• PROBLEM REQUIREMENTS:
Give all of the records again precisely, excluding whatever pictures they contain.

• PROVIDED RECORDS:
____

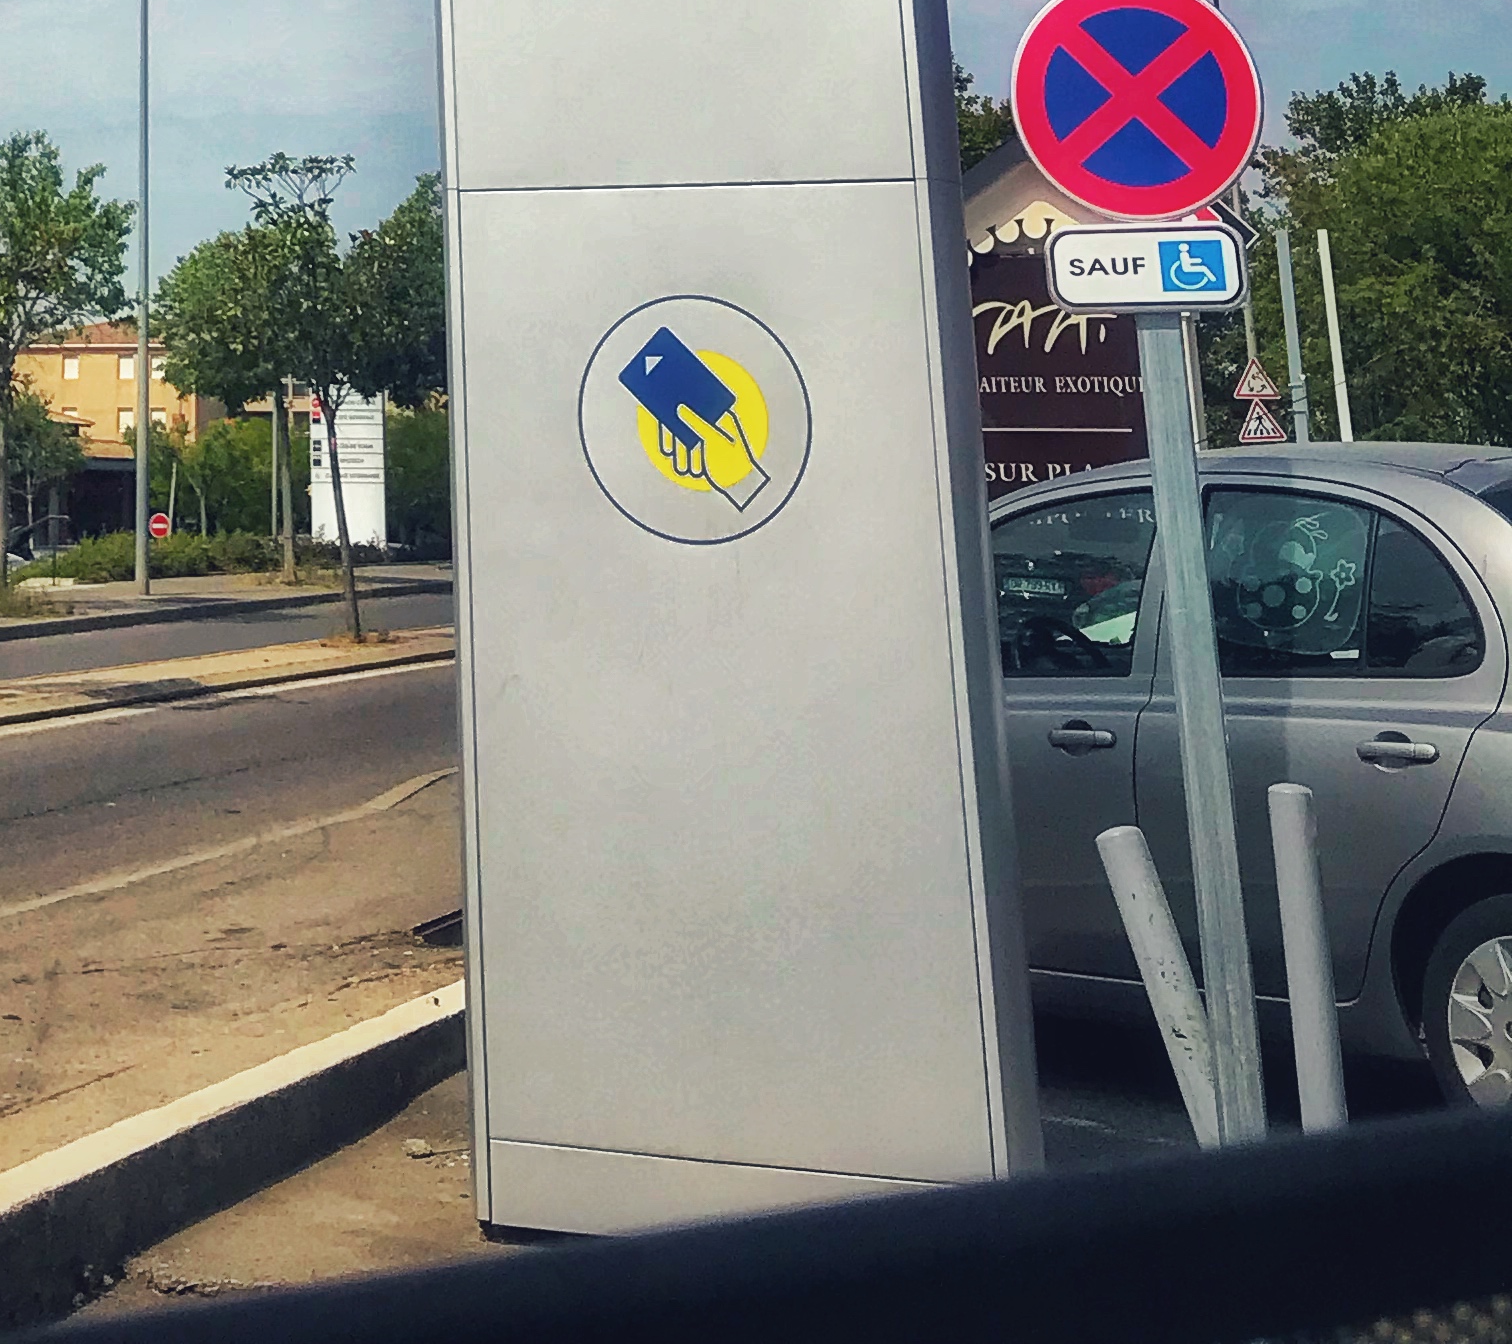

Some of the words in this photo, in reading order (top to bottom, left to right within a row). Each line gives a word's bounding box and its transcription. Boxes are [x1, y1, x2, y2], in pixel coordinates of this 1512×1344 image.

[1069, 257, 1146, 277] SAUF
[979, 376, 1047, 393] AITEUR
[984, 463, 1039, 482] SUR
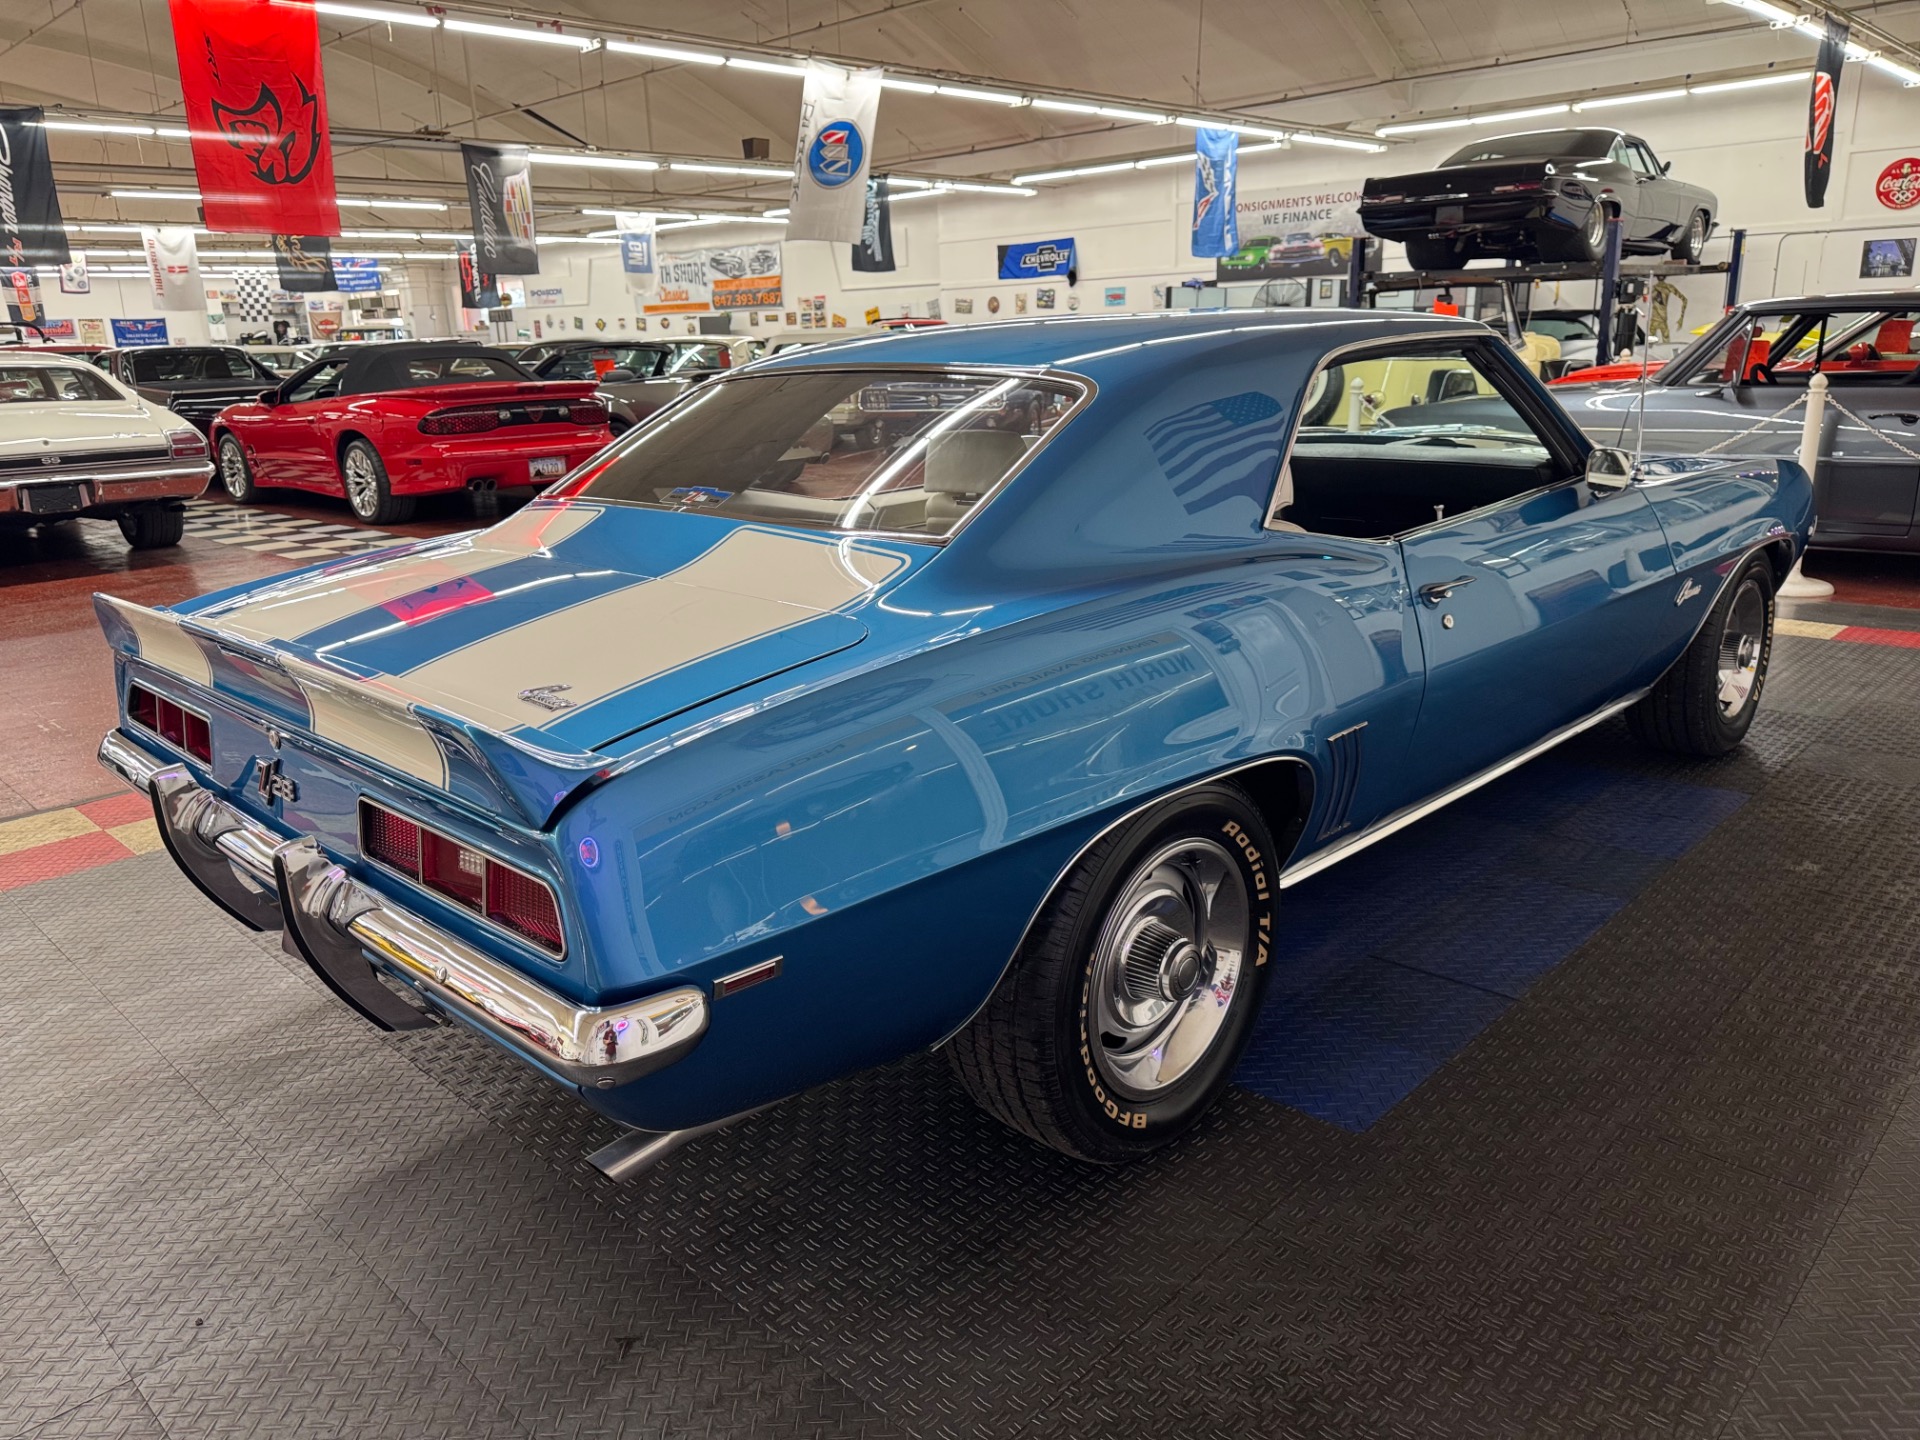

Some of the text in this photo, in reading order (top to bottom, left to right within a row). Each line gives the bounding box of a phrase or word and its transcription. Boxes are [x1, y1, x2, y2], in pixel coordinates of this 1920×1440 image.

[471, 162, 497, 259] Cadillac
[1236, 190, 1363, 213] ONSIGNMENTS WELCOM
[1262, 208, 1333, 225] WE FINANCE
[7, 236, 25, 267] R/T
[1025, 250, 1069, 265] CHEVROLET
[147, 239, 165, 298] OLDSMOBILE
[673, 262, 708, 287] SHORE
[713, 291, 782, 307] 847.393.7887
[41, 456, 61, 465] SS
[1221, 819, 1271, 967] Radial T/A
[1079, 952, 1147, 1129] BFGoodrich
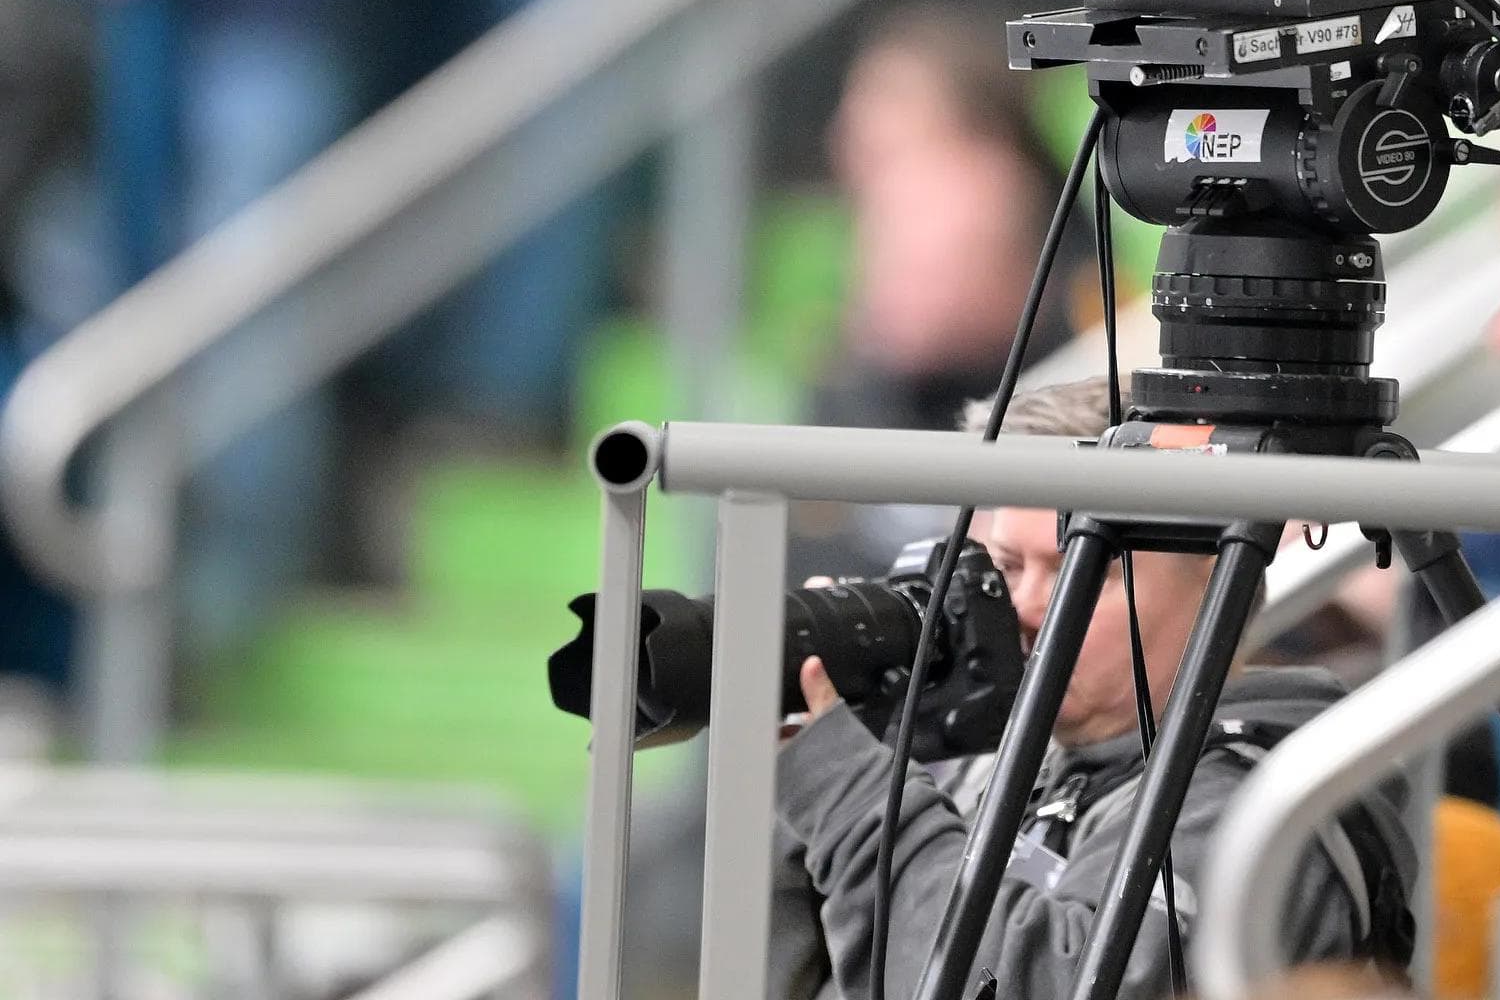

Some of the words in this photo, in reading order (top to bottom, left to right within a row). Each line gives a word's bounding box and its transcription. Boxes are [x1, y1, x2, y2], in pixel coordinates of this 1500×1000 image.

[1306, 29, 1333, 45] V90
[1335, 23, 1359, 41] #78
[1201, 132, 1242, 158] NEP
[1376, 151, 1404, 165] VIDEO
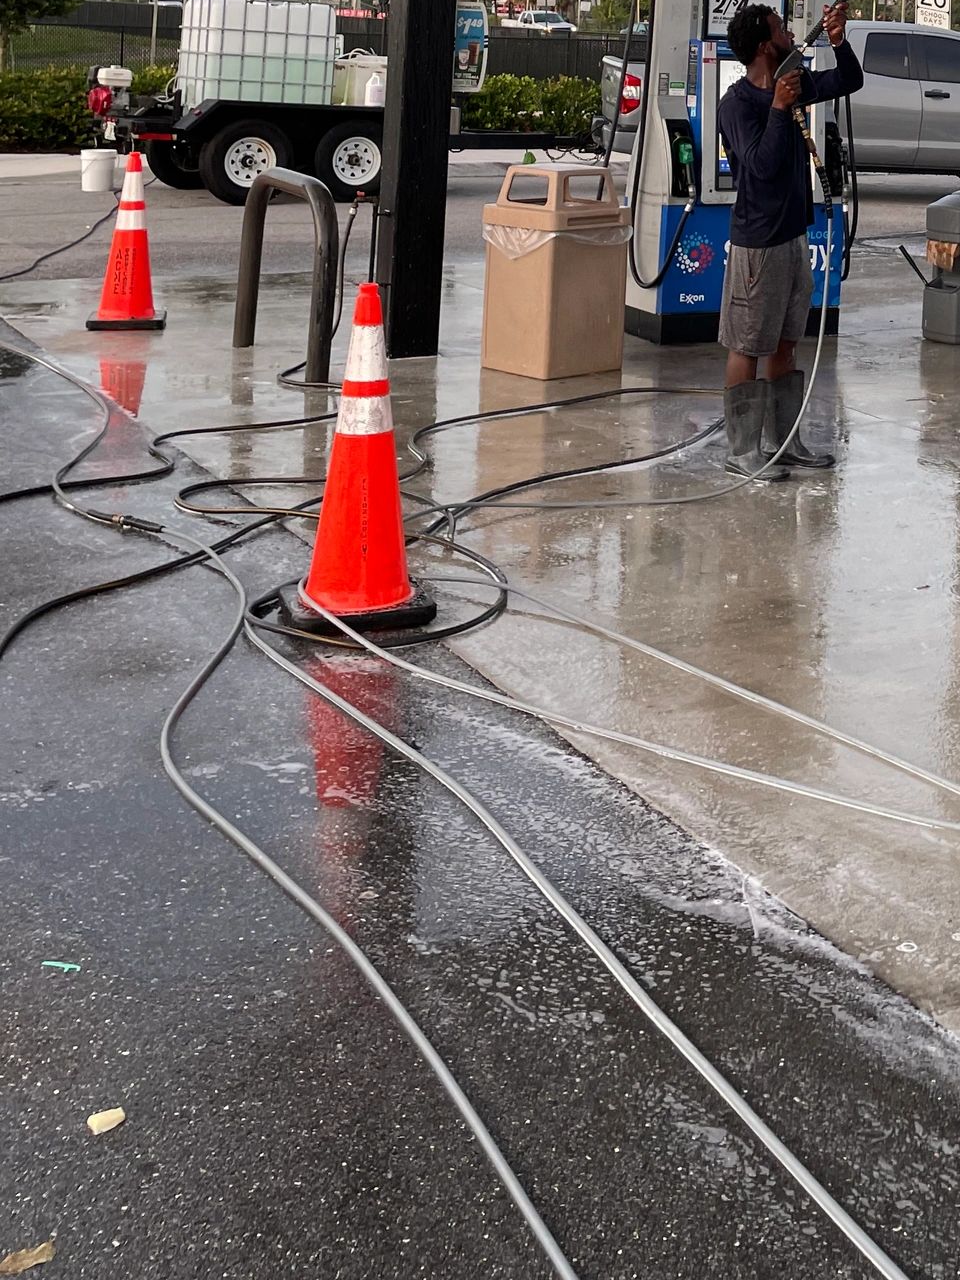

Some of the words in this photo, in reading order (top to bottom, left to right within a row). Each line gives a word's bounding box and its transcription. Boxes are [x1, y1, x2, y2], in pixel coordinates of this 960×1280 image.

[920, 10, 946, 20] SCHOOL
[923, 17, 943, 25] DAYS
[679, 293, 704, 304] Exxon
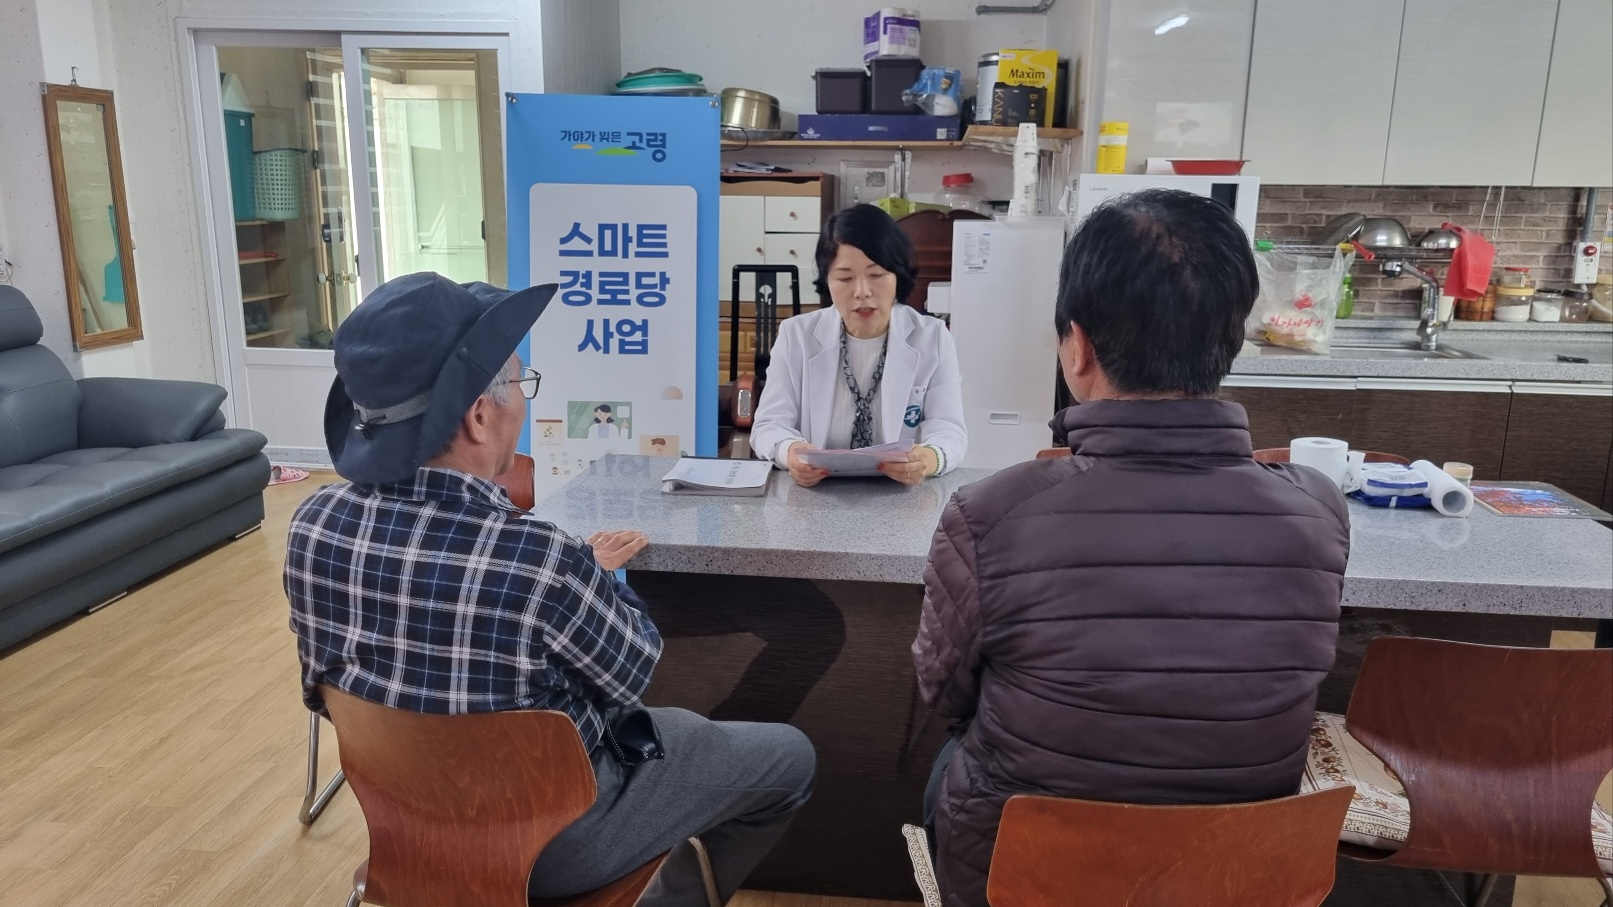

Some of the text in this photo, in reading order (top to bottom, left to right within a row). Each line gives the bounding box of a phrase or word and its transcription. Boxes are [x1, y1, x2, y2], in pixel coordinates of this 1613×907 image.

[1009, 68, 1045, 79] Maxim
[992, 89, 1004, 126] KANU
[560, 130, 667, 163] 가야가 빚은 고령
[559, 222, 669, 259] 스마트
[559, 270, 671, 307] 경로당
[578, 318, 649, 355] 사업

____

• ANSWER BOX:
Some of the words in this photo, in reading order (top to bottom, left to right within a row). Each line gives a word's bounding box and its transcription. Boxes are [x1, y1, x2, y2], in pixel coordinates of this 1512×1344 image.

[1069, 257, 1146, 277] SAUF
[979, 376, 1047, 393] AITEUR
[984, 463, 1039, 482] SUR

Some of the text in this photo, in reading order (top to bottom, left to right within a row). Each line gives the bounding box of a phrase or word and its transcription. Boxes are [x1, y1, x2, y2], in pixel coordinates of this 1920×1440 image.

[471, 162, 497, 259] Cadillac
[1236, 190, 1363, 213] ONSIGNMENTS WELCOM
[1262, 208, 1333, 225] WE FINANCE
[7, 236, 25, 267] R/T
[1025, 250, 1069, 265] CHEVROLET
[147, 239, 165, 298] OLDSMOBILE
[673, 262, 708, 287] SHORE
[713, 291, 782, 307] 847.393.7887
[41, 456, 61, 465] SS
[1221, 819, 1271, 967] Radial T/A
[1079, 952, 1147, 1129] BFGoodrich

Some of the words in this photo, in reading order (top to bottom, left to right within a row). Each line gives a word's bounding box and its transcription. Boxes are [x1, y1, x2, y2], in pixel coordinates of this 1500×1000 image.

[1306, 29, 1333, 45] V90
[1335, 23, 1359, 41] #78
[1201, 132, 1242, 158] NEP
[1376, 151, 1404, 165] VIDEO

Some of the words in this photo, in reading order (top to bottom, left to right within a row). Each line gives a word's bounding box and its transcription. Boxes are [x1, y1, x2, y2], in pixel coordinates of this 960×1280 image.

[920, 10, 946, 20] SCHOOL
[923, 17, 943, 25] DAYS
[679, 293, 704, 304] Exxon

Some of the text in this photo, in reading order (top to bottom, left to right within a row). Each line gives the bounding box of a phrase or word and its transcription. Boxes are [x1, y1, x2, y2], in pixel coordinates of this 1613×907 image.

[1009, 68, 1045, 79] Maxim
[992, 89, 1004, 126] KANU
[560, 130, 667, 163] 가야가 빚은 고령
[559, 222, 669, 259] 스마트
[559, 270, 671, 307] 경로당
[578, 318, 649, 355] 사업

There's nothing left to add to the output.